▶ _What is required_: Reproduce all of the data, making sure that no line differs from the original.

---- Information given

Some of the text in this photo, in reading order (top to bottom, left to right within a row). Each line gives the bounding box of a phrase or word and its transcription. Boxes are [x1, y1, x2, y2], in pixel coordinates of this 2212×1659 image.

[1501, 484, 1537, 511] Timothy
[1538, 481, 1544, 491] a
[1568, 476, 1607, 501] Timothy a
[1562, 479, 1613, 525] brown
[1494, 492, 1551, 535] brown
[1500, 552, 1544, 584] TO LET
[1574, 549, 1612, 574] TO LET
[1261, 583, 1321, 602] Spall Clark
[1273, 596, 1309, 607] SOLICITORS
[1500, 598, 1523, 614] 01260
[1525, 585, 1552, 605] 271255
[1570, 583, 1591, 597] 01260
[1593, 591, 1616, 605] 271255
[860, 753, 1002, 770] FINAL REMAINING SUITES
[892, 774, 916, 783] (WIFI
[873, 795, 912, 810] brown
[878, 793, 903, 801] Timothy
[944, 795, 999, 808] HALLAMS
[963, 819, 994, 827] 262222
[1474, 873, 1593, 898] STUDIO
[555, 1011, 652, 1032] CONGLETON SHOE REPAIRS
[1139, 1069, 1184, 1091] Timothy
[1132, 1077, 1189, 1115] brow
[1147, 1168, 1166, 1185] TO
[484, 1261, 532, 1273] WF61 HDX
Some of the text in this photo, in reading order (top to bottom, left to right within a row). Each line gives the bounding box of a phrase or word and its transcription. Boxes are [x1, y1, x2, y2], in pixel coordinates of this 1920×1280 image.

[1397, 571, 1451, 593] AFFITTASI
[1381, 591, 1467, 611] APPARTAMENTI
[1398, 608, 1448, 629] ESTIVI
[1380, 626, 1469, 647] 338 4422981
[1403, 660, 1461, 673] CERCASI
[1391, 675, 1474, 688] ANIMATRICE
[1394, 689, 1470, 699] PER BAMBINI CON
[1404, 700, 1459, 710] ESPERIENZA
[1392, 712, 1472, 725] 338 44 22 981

--------

▶ _Reply to the task_:
Some of the text in this photo, in reading order (top to bottom, left to right within a row). Each line gives the bounding box of a phrase or word and its transcription. Boxes are [x1, y1, x2, y2], in pixel coordinates of this 2212×1659 image.

[1501, 484, 1537, 511] Timothy
[1538, 481, 1544, 491] a
[1568, 476, 1607, 501] Timothy a
[1562, 479, 1613, 525] brown
[1494, 492, 1551, 535] brown
[1500, 552, 1544, 584] TO LET
[1574, 549, 1612, 574] TO LET
[1261, 583, 1321, 602] Spall Clark
[1273, 596, 1309, 607] SOLICITORS
[1500, 598, 1523, 614] 01260
[1525, 585, 1552, 605] 271255
[1570, 583, 1591, 597] 01260
[1593, 591, 1616, 605] 271255
[860, 753, 1002, 770] FINAL REMAINING SUITES
[892, 774, 916, 783] (WIFI
[873, 795, 912, 810] brown
[878, 793, 903, 801] Timothy
[944, 795, 999, 808] HALLAMS
[963, 819, 994, 827] 262222
[1474, 873, 1593, 898] STUDIO
[555, 1011, 652, 1032] CONGLETON SHOE REPAIRS
[1139, 1069, 1184, 1091] Timothy
[1132, 1077, 1189, 1115] brow
[1147, 1168, 1166, 1185] TO
[484, 1261, 532, 1273] WF61 HDX
Some of the text in this photo, in reading order (top to bottom, left to right within a row). Each line gives the bounding box of a phrase or word and its transcription. Boxes are [x1, y1, x2, y2], in pixel coordinates of this 1920×1280 image.

[1397, 571, 1451, 593] AFFITTASI
[1381, 591, 1467, 611] APPARTAMENTI
[1398, 608, 1448, 629] ESTIVI
[1380, 626, 1469, 647] 338 4422981
[1403, 660, 1461, 673] CERCASI
[1391, 675, 1474, 688] ANIMATRICE
[1394, 689, 1470, 699] PER BAMBINI CON
[1404, 700, 1459, 710] ESPERIENZA
[1392, 712, 1472, 725] 338 44 22 981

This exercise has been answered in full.